La psychanalyse est actuellement « marginale » sauf en France et en Argentine1.

Psychanalyse et psychologie

Le concept d'inconscient n'a pas la même définition dans toutes les branches de la psychologie.
La psychologie cognitive lui préfère la notion d'explicite (volontaire, connu du sujet) et d'implicite (involontaire). L'implicite est apparenté à un processus psychique de bas niveau, ne mettant pas en cause le sens. Les modèles de la neuropsychologie s'appuient sur cette notion d'implicite et de niveaux de traitement de l'information.

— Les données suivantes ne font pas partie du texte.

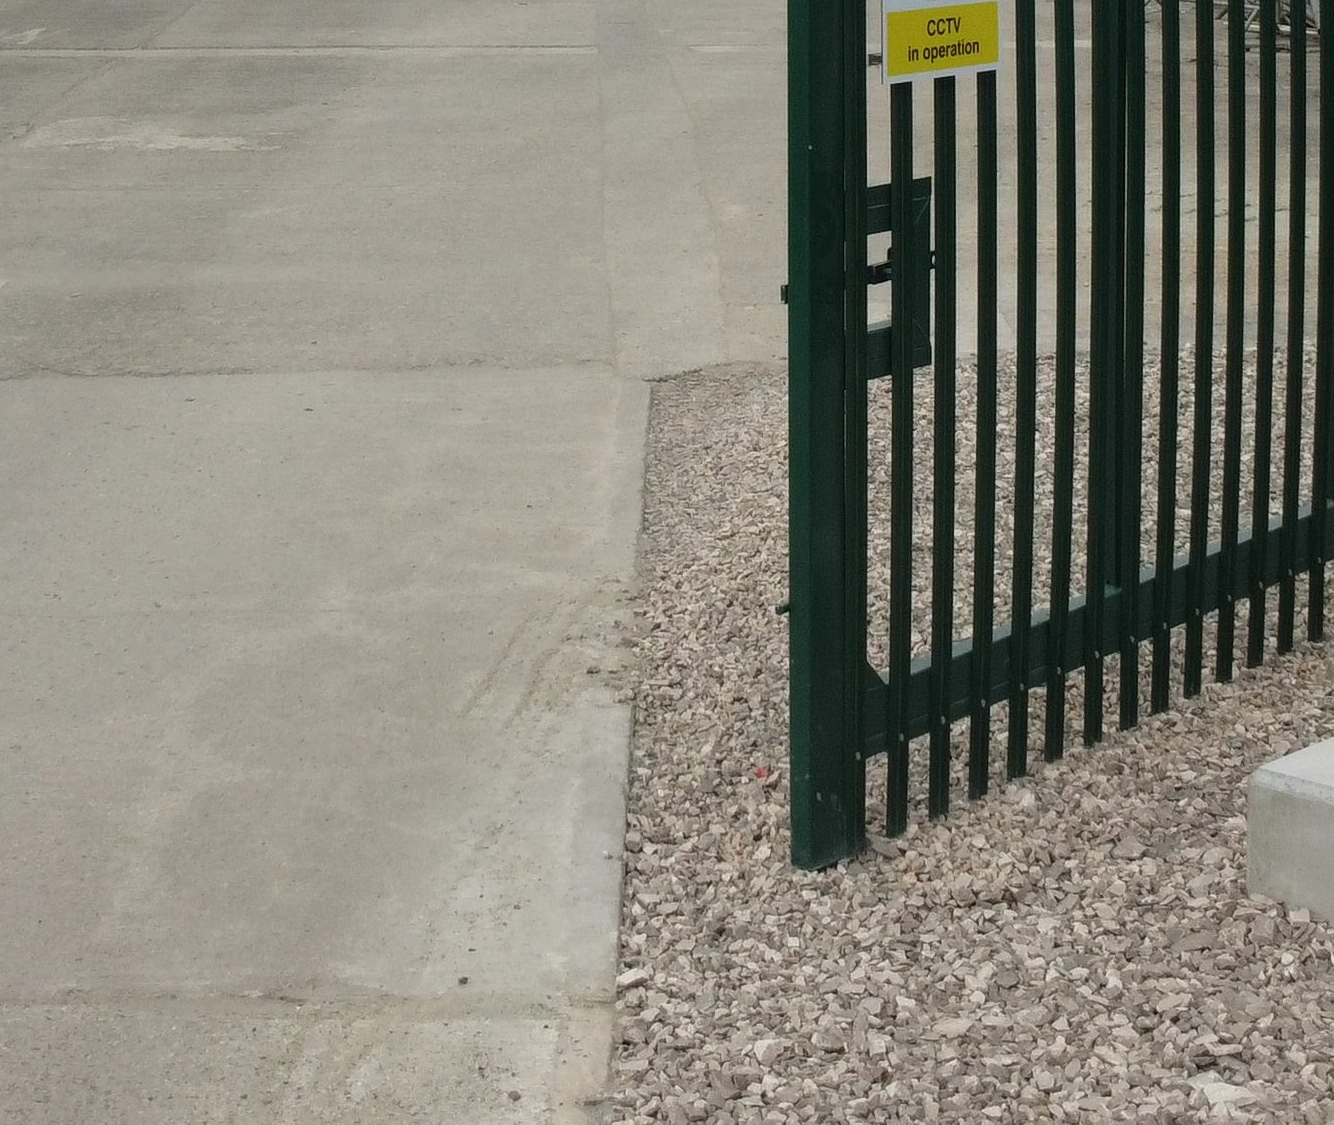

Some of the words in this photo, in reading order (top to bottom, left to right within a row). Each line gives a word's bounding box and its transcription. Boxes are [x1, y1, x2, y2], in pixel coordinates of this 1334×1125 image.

Psychanalyse et psychopathologie

La psychanalyse énonce sa propre psychopathologie, étude des maladies mentales, dont la distinction majeure demeure sans doute l'opposition entre névrose et psychose.
Mais le psychanalyste s'intéresse peu, ou pas, au diagnostic. Le symptôme lui-même n'est pas inintéressant et se voit considéré comme volontaire, désiré, bien qu'inconscient : c'est le bénéfice primaire. Supprimer le symptôme n'est pas l'essentiel, encore moins l'est-il de poser un diagnostic. La particularité de la psychopathologie psychanalytique réside dans l'écoute du patient, ce qui s'avère dès les premières hypothèses à propos de l'hystérie.
Une autre manière de dire l'influence de la psychanalyse sur la psychopathologie est l'aspect dynamique du conflit - toute la psychopathologie psychanalytique envisage en effet les phénomènes psychiques non pas comme seulement observables, irréductibles, mais comme représentant des manifestations de motions pulsionnelles : la psychopathologie met toujours un évidence un conflit, soit interne (ce qui en reste le principal modèle), soit avec la réalité.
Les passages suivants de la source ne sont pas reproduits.